Virginian-Pilot


DATE: Thursday, August 14, 1997             TAG: 9708140033

SECTION: DAILY BREAK             PAGE: E1   EDITION: FINAL 

SOURCE: BY MAL VINCENT, ENTERTAINMENT WRITER 

                                            LENGTH:  190 lines




SLY GETS SERIOUS STALLONE PUT ON 40 POUNDS OF FLAB AND GAVE UP HIS TOUGH-GUY IMAGE TO STAR IN ``COP LAND.''

THE SCORE is Rocky: 5; Rambo: 3; Stallone: 1.

The ``one'' is the new character-driven drama ``Cop Land'' in which Stallone, abandoning his flex-and-sock-'em persona, plays a paunchy, vulnerable sheriff in a New Jersey town run by corrupt cops.

Critics are calling his performance subtle and many-layered, even on a screen he shares with such ``serious'' actors as Robert De Niro and Harvey Keitel. There's already talk of an Oscar nomination.

It's the ``new'' Sylvester Stallone who sits in front of us - an actor talking about a role, not a pop icon who leads with the chest. The star that Rocky Balboa and John Rambo made now wants to become an actor. And, just to prove it, he's 40 pounds overweight and enjoying it.

``I cannot tell you how many years I've thought of this but didn't have the nerve,'' Sly said. ``Sure, I was lucky to have played not one, but two, pop culture icons, but to an entire generation now, my name comes to mind in connection with no-brainer movies. I'm thought of only as either Rocky or Rambo and, while I'm proud of both those characters, I have tried other things.

``The thing is that this character in `Cop Land,' in his own way, is just as heroic as John Rambo. The true brave man is the one who goes up against odds that are almost impossible for him to meet.''

Stallone, whom everyone calls Sly, was sitting in the Four Seasons Hotel in Beverly Hills, fresh from a flight from his home in Miami - a home he now feels is unsafe because of the recent murder of his friend designer Gianni Versace.

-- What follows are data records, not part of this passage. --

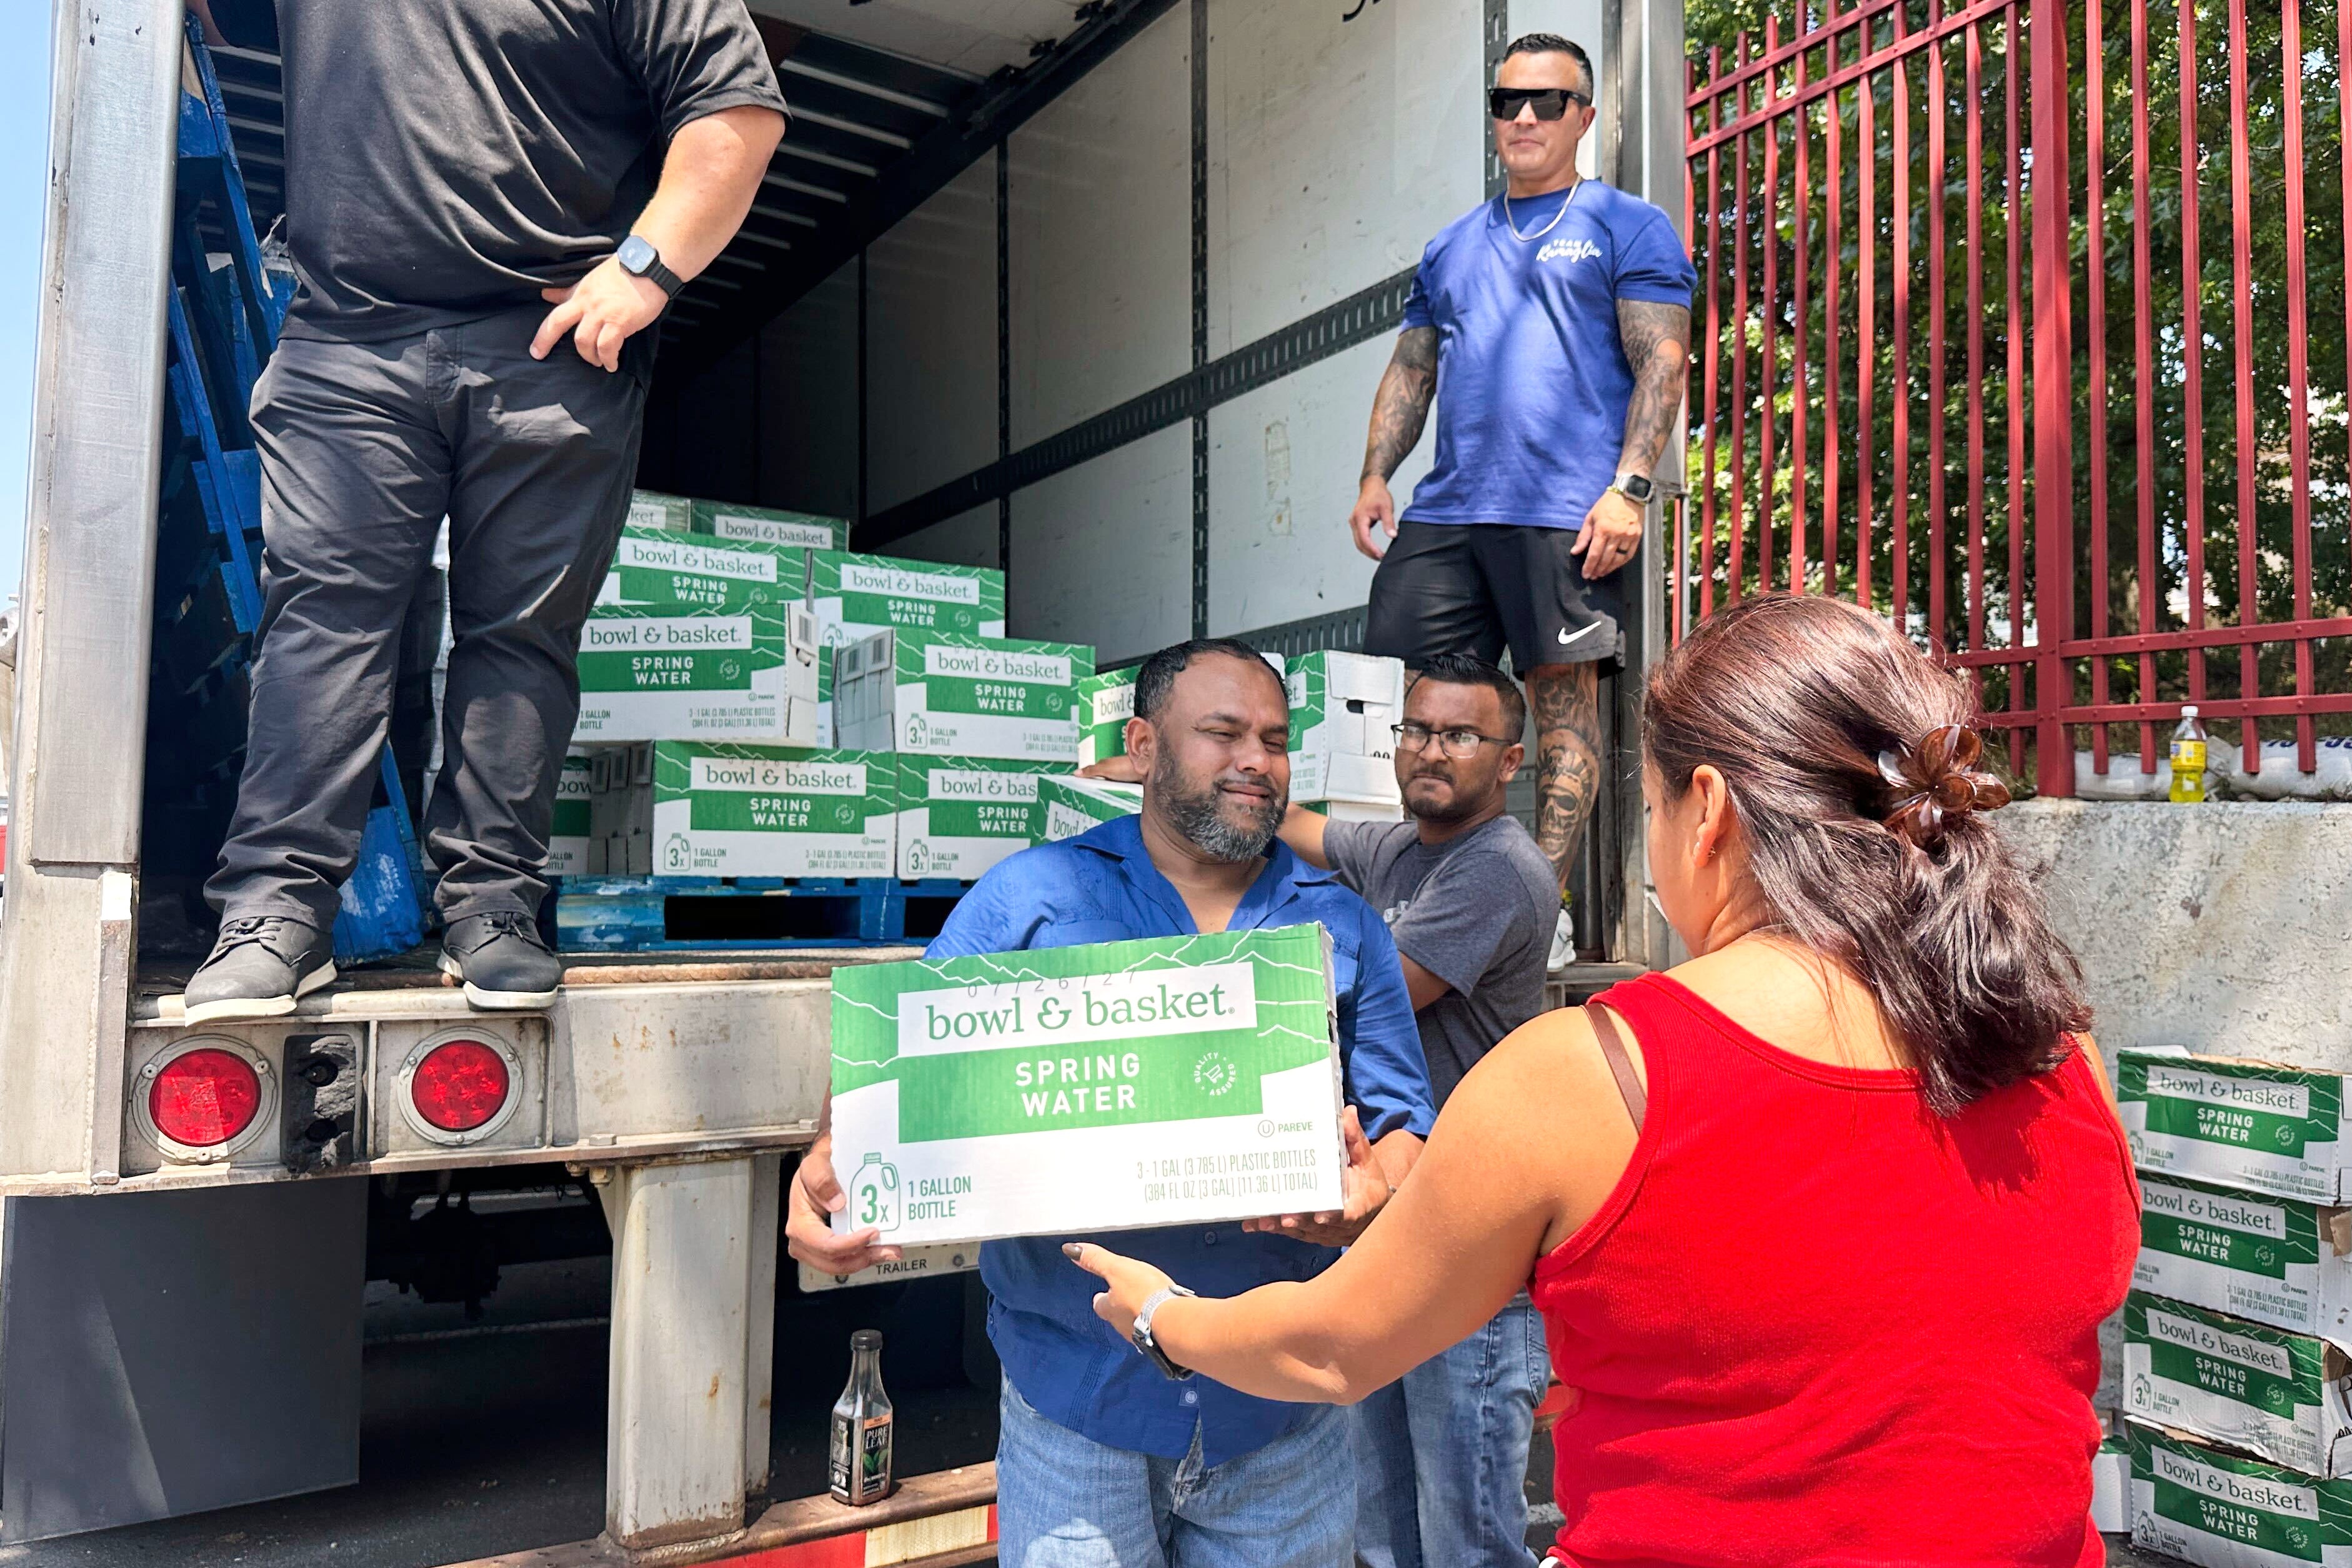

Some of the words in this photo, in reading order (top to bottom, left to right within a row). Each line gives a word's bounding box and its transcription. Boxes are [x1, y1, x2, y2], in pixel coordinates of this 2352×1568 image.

[725, 520, 759, 537] bowl
[764, 527, 775, 538] &
[633, 545, 677, 564] bowl
[683, 552, 698, 567] &
[672, 576, 729, 593] SPRING
[852, 571, 891, 590] bowl
[897, 578, 910, 591] &
[675, 588, 725, 604] WATER
[887, 600, 937, 615] SPRING
[890, 612, 935, 627] WATER
[589, 625, 637, 645] bowl
[644, 627, 661, 643] &
[632, 657, 694, 670] SPRING
[938, 653, 979, 672] bowl
[985, 660, 999, 673] &
[635, 672, 692, 685] WATER
[975, 684, 1026, 698] SPRING
[586, 710, 610, 718] GALLON
[977, 698, 1024, 712] WATER
[1100, 693, 1125, 716] bowl
[580, 720, 603, 730] BOTTLE
[935, 728, 957, 737] GALLON
[930, 737, 950, 746] BOTTLE
[705, 765, 755, 785] bowl
[762, 768, 780, 785] &
[940, 777, 982, 794] bowl
[988, 778, 1003, 795] &
[750, 798, 811, 811] SPRING
[977, 806, 1029, 819] SPRING
[752, 813, 808, 826] WATER
[980, 820, 1026, 832] WATER
[700, 848, 727, 857] GALLON
[937, 853, 959, 861] GALLON
[694, 858, 719, 868] BOTTLE
[931, 862, 952, 871] BOTTLE
[926, 996, 1025, 1040] bowl
[1037, 996, 1072, 1030] &
[1015, 1053, 1140, 1086] SPRING
[1193, 1052, 1218, 1083] QUALITY
[1209, 1063, 1236, 1096] ASSURED
[2161, 1072, 2205, 1095] bowl
[2210, 1081, 2226, 1097] &
[1020, 1084, 1136, 1118] WATER
[1278, 1121, 1313, 1133] PAREVE
[2196, 1107, 2254, 1128] SPRING
[2198, 1122, 2250, 1143] WATER
[1137, 1161, 1143, 1179] 3
[1162, 1159, 1180, 1178] GAL
[1230, 1152, 1270, 1172] PLASTIC
[1273, 1148, 1316, 1169] BOTTLES
[909, 1181, 914, 1197] 1
[920, 1176, 972, 1196] GALLON
[1144, 1183, 1165, 1204] (384
[1169, 1182, 1179, 1199] FL
[1183, 1181, 1195, 1199] OZ
[1212, 1178, 1235, 1198] GAL]
[1283, 1171, 1318, 1191] TOTAL)
[909, 1200, 956, 1220] BOTTLE
[2144, 1188, 2183, 1212] bowl
[2188, 1198, 2203, 1214] &
[2178, 1224, 2231, 1248] SPRING
[2179, 1239, 2230, 1261] WATER
[876, 1258, 927, 1275] TRAILER
[2158, 1317, 2197, 1344] bowl
[2201, 1332, 2215, 1349] &
[2195, 1357, 2246, 1382] SPRING
[2198, 1371, 2246, 1397] WATER
[865, 1436, 886, 1449] LEAF
[867, 1426, 887, 1439] PURE
[2161, 1456, 2200, 1486] bowl
[2207, 1474, 2223, 1491] &
[2199, 1499, 2258, 1526] SPRING
[2203, 1514, 2258, 1541] WATER

``It could have been prevented,'' Stallone said. ``It seems to me that the police were particularly ineffectual. It was a matter of priority. The murderer leaves a trail and has a stolen truck, with known license plates, parked there for weeks, and they can't get him? And then I hear that he was asking about my address. I'm planning to move my family out of Miami.''

Stallone will find it difficult to escape his notoriety no matter where he moves. He's paid $25 million per movie, and in the foreign market, he's still worth it, in spite of a series of recent films that have done progressively worse at the American box office - ``Judge Dredd,'' ``Assassins,'' ``The Specialist'' and ``Daylight.''

``I'm not proud of the last 10 years,'' he said. ``I'm not giving up action movies entirely. That would be a mistake. I like making them. It's just that they have to be intelligent. I want to be more careful about what I choose. I'd like to alternate a big film with a little film.''

When he read the script for ``Cop Land,'' he volunteered to audition for the role. The young scriptwriter, John Mangold, insisted that he wouldn't let the script loose unless he directed the movie.

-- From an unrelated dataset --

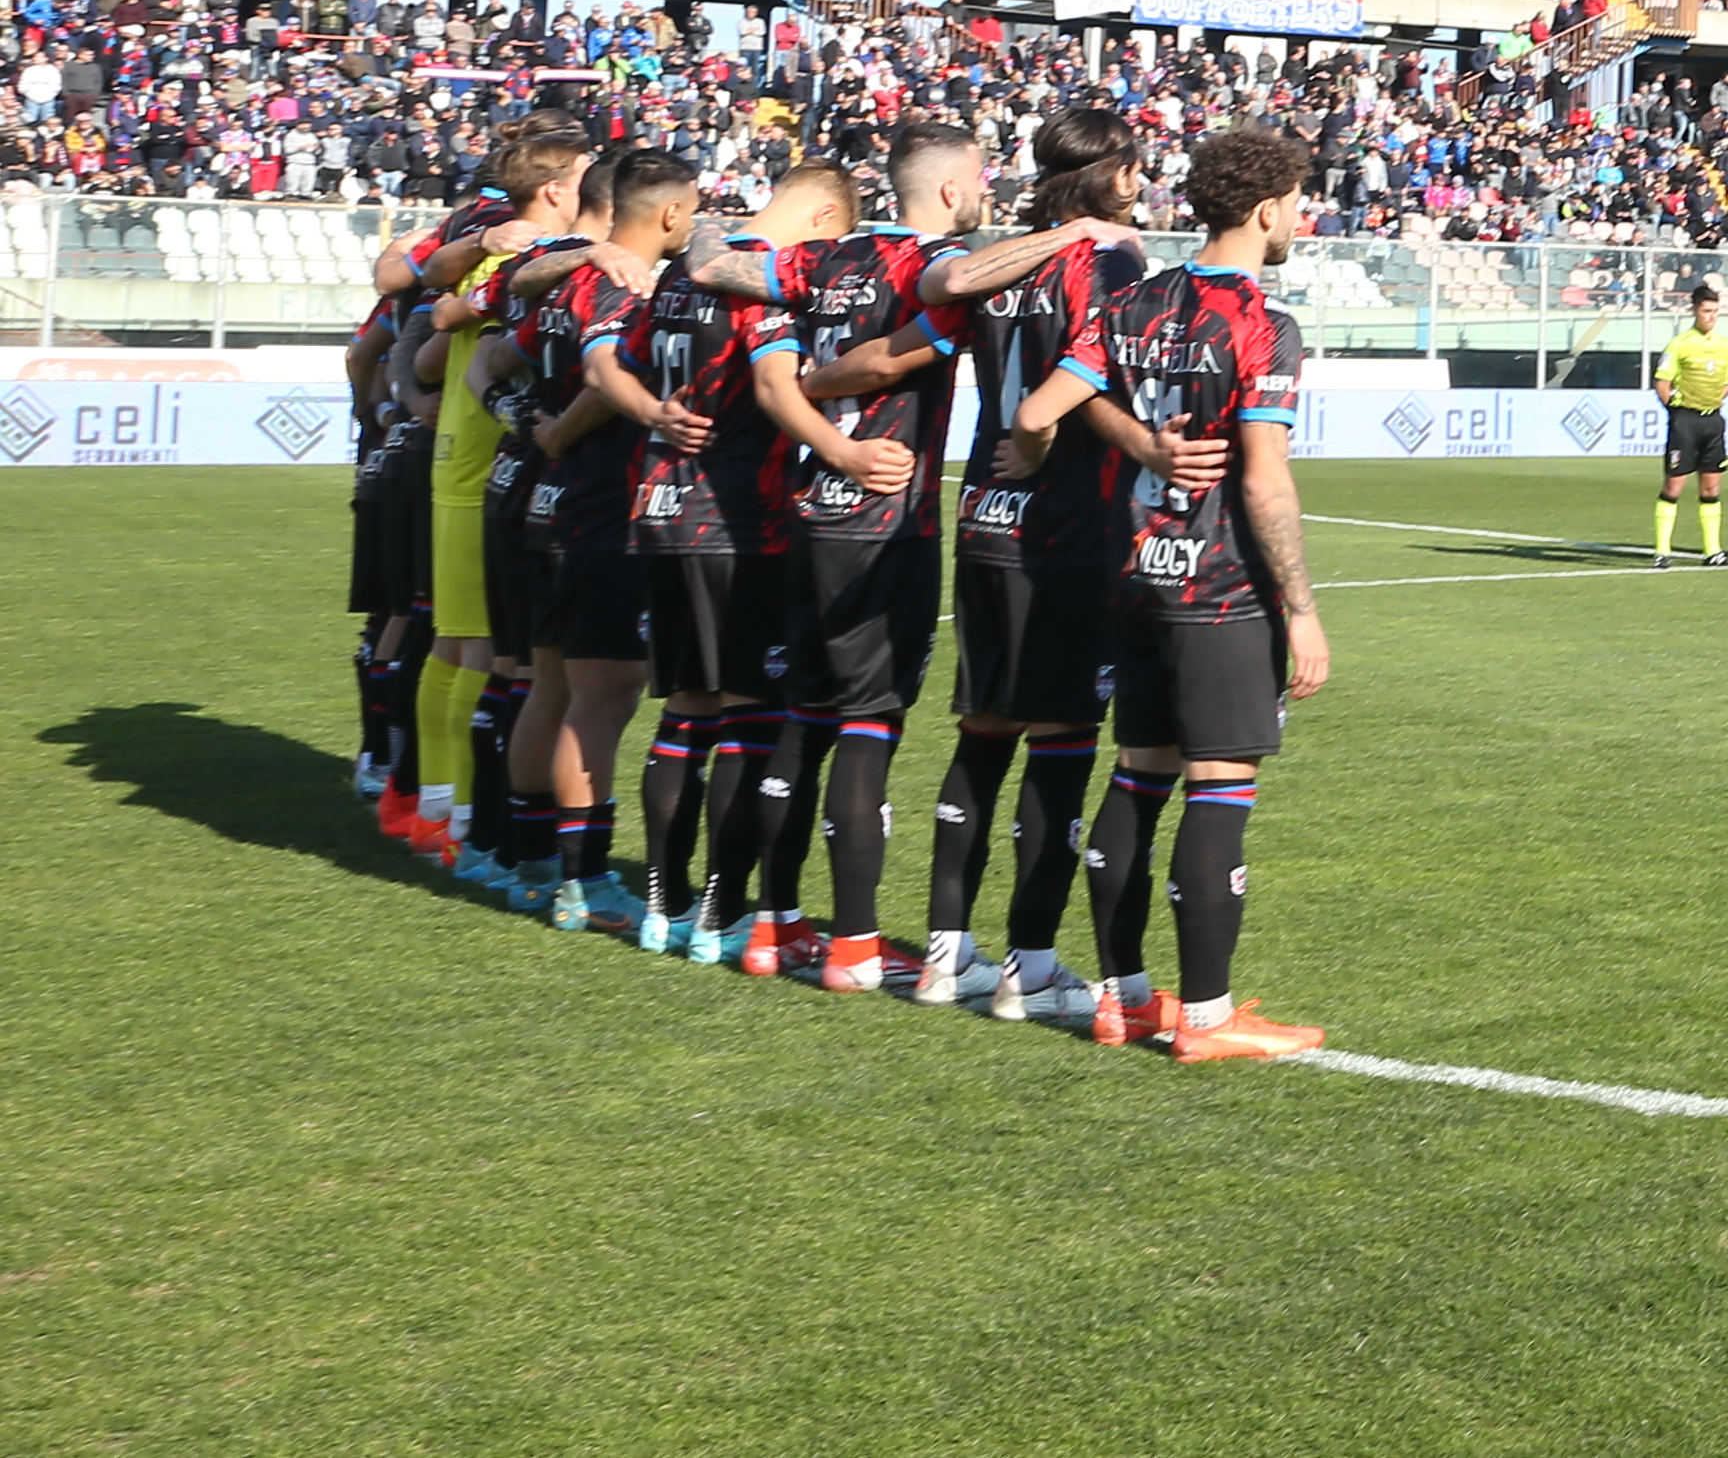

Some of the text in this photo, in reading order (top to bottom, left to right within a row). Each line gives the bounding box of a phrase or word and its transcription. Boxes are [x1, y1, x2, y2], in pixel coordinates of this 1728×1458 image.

Mangold, 33, has directed only one low-budget film and was a little surprised initially that superstar Stallone was interested.

``After talking awhile and seeing his energy, I realized that he could play Sheriff Freddy Heflin,'' Mangold said. ``In fact, after getting to know him, I think that it's more of a stretch for him to have played all those superheroes than it is to do this role. But I told him that if he wanted to be in a different movie, he would have to be different - not just the script. I told him that there would be no compromising. There'd be no discussions about `I can't do this scene.' There would be times he'd be out of focus and other actors would be in the foreground.''

And the young director added, incidentally, that he wanted Stallone to put on 40 pounds for the role.

``I wanted him to lose the muscle,'' Mangold said. ``I told him he'd be shot from all angles, so there'd be no way to avoid putting on the weight. I wasn't particularly interested in him just having a pot tummy. I wanted the weight to show in his face. I didn't want that gaunt, chiseled heroic look. After a month or so, I went down to Miami to visit him and we didn't agree on how much he had put on. He was showing me a quarter-inch pinch. I told him he'd have to lose more.''

Surprisingly, Stallone went along. He passed up his usual $25 million salary to take a mere $50,000 and a share of the profits, if any, on ``Cop Land.'' He turned down ``Air Force One'' and went all out for the little film.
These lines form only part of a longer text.